You are a bit mixed up there! Let me start with the c.t itself and work my way up the chain to the point where you have a meaningful number.

A current transformer does what it says on the label - it transforms a large current - 100 A is the number you mentioned - into a much smaller current, in the case of the one used with the emonTx V3, 50 mA. *[I’m an electrical engineer so I always use rms values unless I say differently.]* Inside the emonTx V3 is a “burden” resistor (‘burden’ because it’s a load the c.t. needs to work) and it’s that resistor which changes the current into a voltage. By changing the value of the burden, you can choose the voltage to suit the ADC you’re using. For the emonTx V3, that’s about 1.1 V; for the emonTx Shield, about 1.6 V.

In the case of the emonTx4, we use a c.t. which has the burden incorporated within it. We don’t know the current the c.t. outputs, and neither do we care because the values of the current and burden are chosen together by the manufacturer to give 0.333 V output for your 100 A mains current.

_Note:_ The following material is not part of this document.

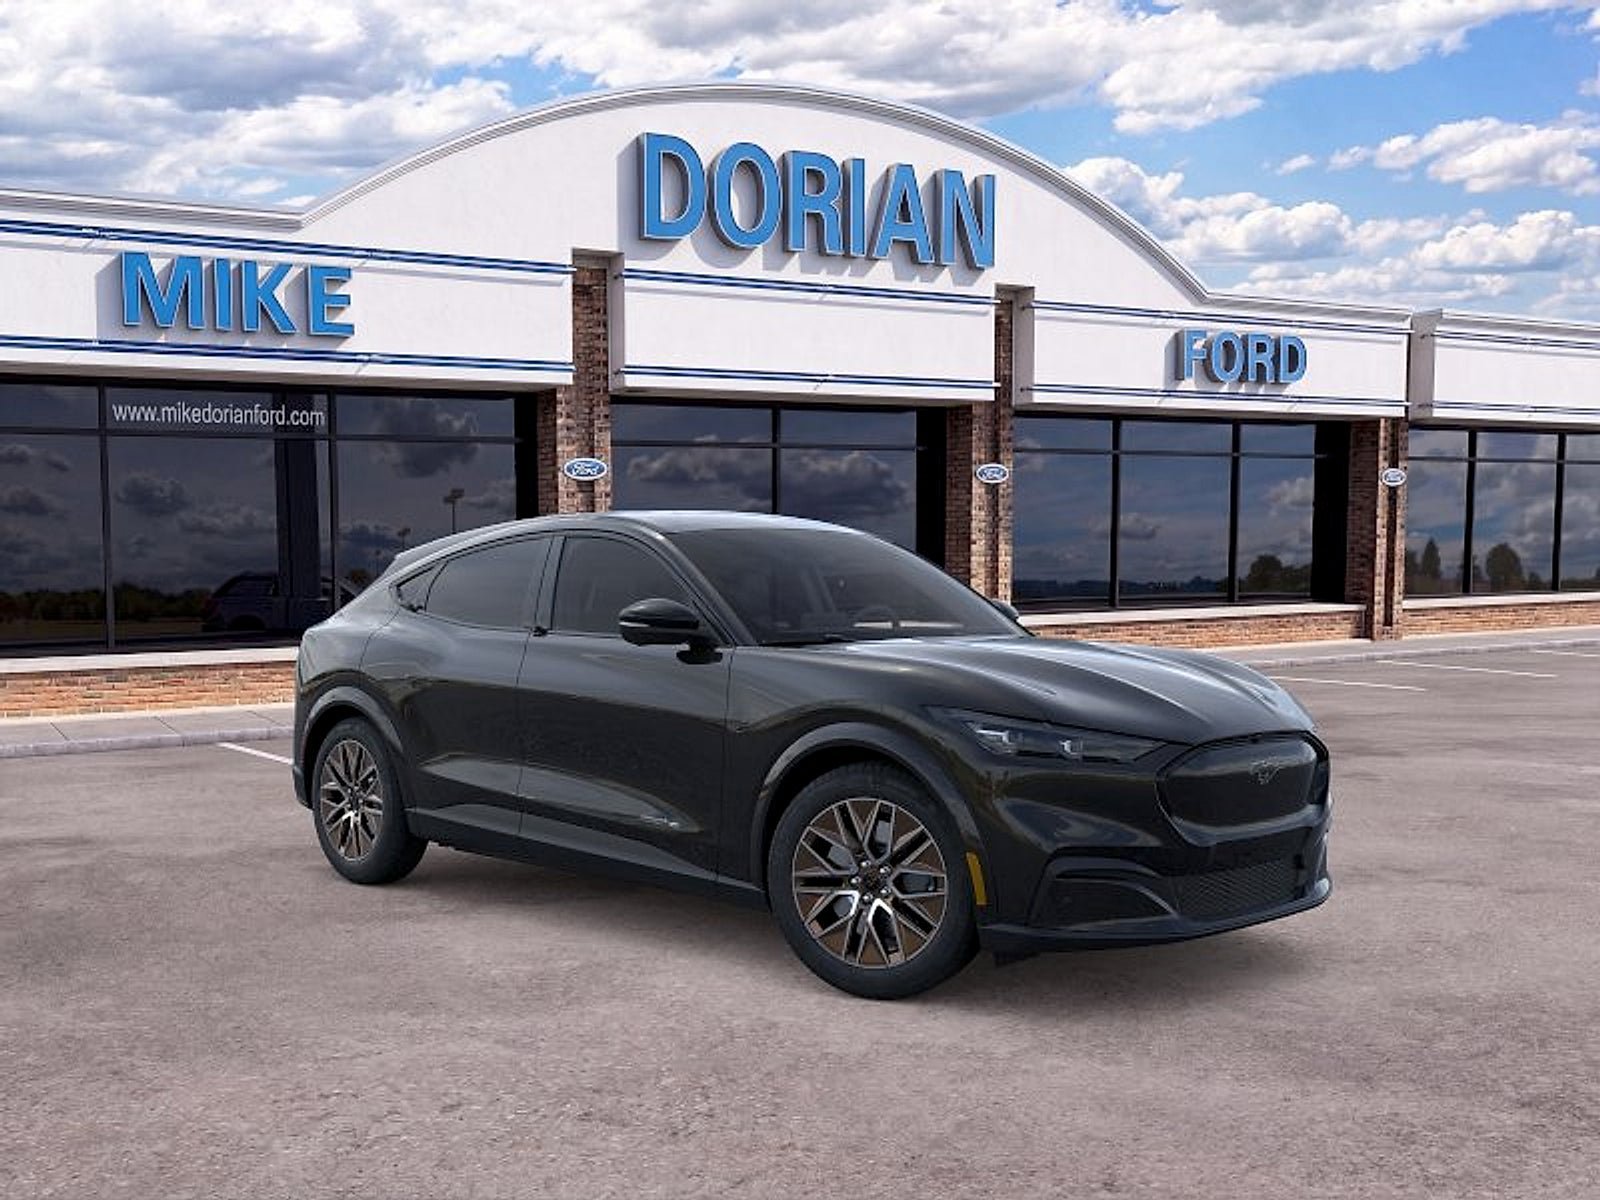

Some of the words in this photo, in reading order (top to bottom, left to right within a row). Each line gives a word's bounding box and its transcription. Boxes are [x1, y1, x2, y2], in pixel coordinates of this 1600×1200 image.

[640, 132, 995, 268] DORIAN
[121, 252, 355, 337] MIKE
[1180, 328, 1307, 384] FORD
[111, 402, 326, 426] www.mikedorianford.com

Inside the emonTx (every emonTx), the ADC samples the current and voltage around 20 times, usually more, per mains cycle. Those instantaneous samples are multiplied together to give the instantaneous power, these power values are added up and averaged over time to give the average power (the ‘real’ power) in watts. At the same time, individual voltage samples and current samples are squared and averaged to give the rms (**r**oot **m**ean **s**quare) average voltage and current.

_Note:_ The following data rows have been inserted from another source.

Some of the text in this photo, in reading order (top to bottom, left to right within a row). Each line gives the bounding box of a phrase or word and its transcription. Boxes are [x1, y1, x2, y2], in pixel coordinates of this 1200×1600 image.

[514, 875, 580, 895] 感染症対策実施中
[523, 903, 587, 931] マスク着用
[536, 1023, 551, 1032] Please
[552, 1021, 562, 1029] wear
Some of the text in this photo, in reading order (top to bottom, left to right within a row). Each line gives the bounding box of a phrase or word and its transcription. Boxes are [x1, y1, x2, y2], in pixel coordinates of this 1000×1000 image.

There are of course scaling and calibration constants that turn the pure numbers out of the ADC into engineering values: volts, amps, watts & watt-hours.

So the answer to your problem is, the current is already available within the sketch running inside your emonTx4. The bad news is historically, it’s never been made available to the user by default.

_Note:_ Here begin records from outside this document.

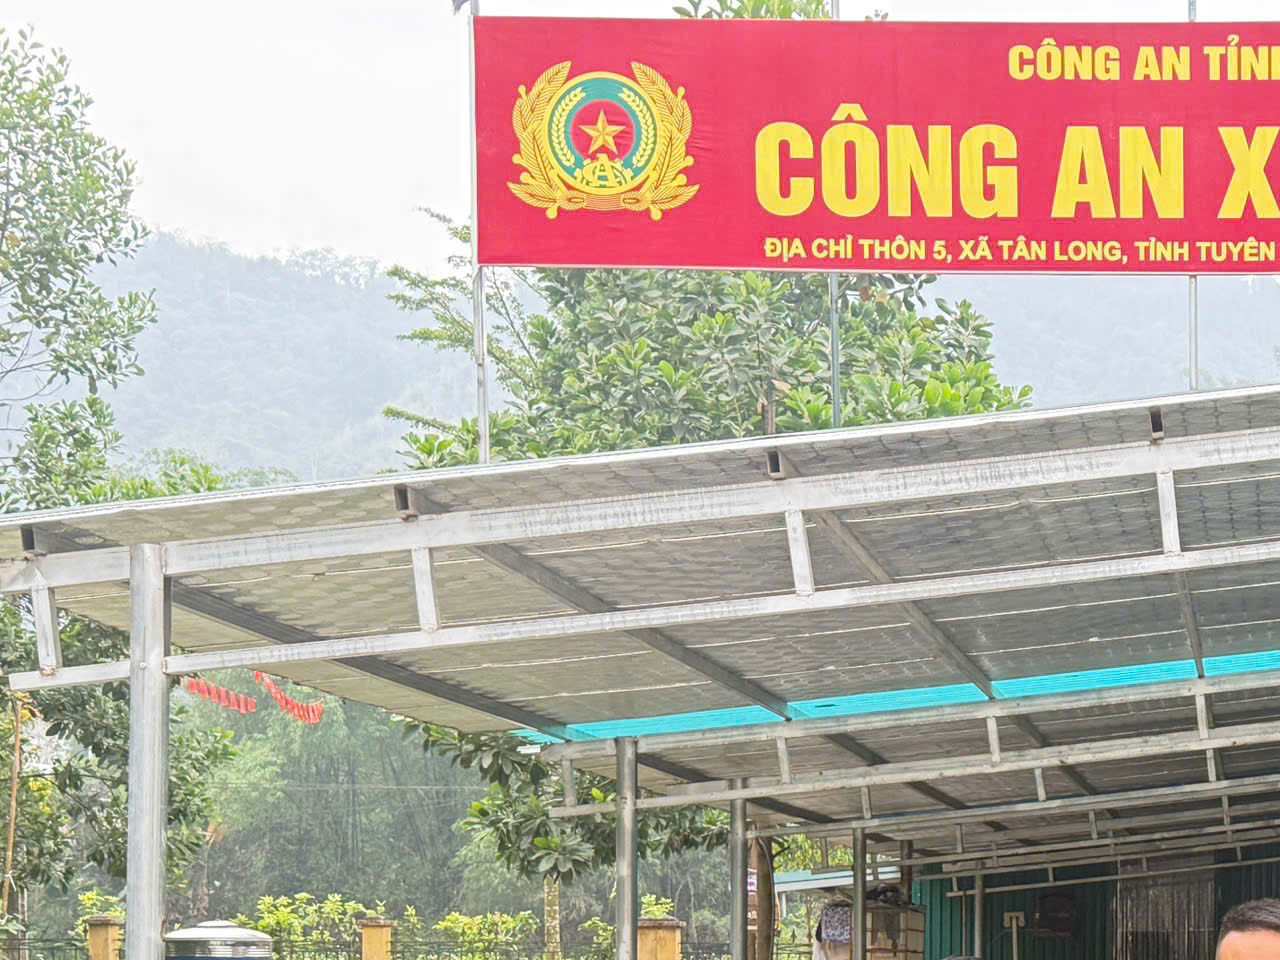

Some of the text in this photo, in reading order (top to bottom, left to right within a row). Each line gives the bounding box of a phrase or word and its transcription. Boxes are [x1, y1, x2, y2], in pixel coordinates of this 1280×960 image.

[1008, 38, 1121, 82] CÔNG
[1133, 45, 1191, 81] AN
[755, 104, 1019, 219] CÔNG
[1050, 126, 1185, 219] AN
[763, 238, 807, 263] ĐỊA
[811, 236, 854, 261] CHỈ
[858, 236, 926, 261] THÔN
[932, 240, 953, 263] 5,
[959, 235, 993, 261] XÃ
[999, 236, 1047, 262] TÂN
[1053, 240, 1128, 265] LONG,
[1135, 236, 1190, 262] TỈNH
[1196, 237, 1276, 262] TUYÊN

Your two approaches are both correct. The first involves getting the source code for the sketch and changing it to send out the current as well as or instead of the power. The second is quite tricky, because no formula is involved *while it is measuring the voltage* - the power is derived from current and voltage for each and every sample - it knows nothing about power factor, and in fact it calculates the power factor from those three averages: power factor is **defined** as the average real power divided by the apparent power (the product of rms voltage and current).

If it doesn’t have the voltage to measure, emonLibCM is capable of running without, and in this case the sketch assumes a constant voltage and multiplies current by a number to give the apparent power, stated in watts but it’s really only a best guess and it’s in VA (volt-amperes). If you’re using the emonVs with your emonTx4, it’s almost certainly not doing this but giving you true real power in watts.

Incidentally, the ESP8266 takes no part in this, all it does is transmit the output by Wi-Fi.

Have you looked in ‘Learn’, because most of the above it written up in there?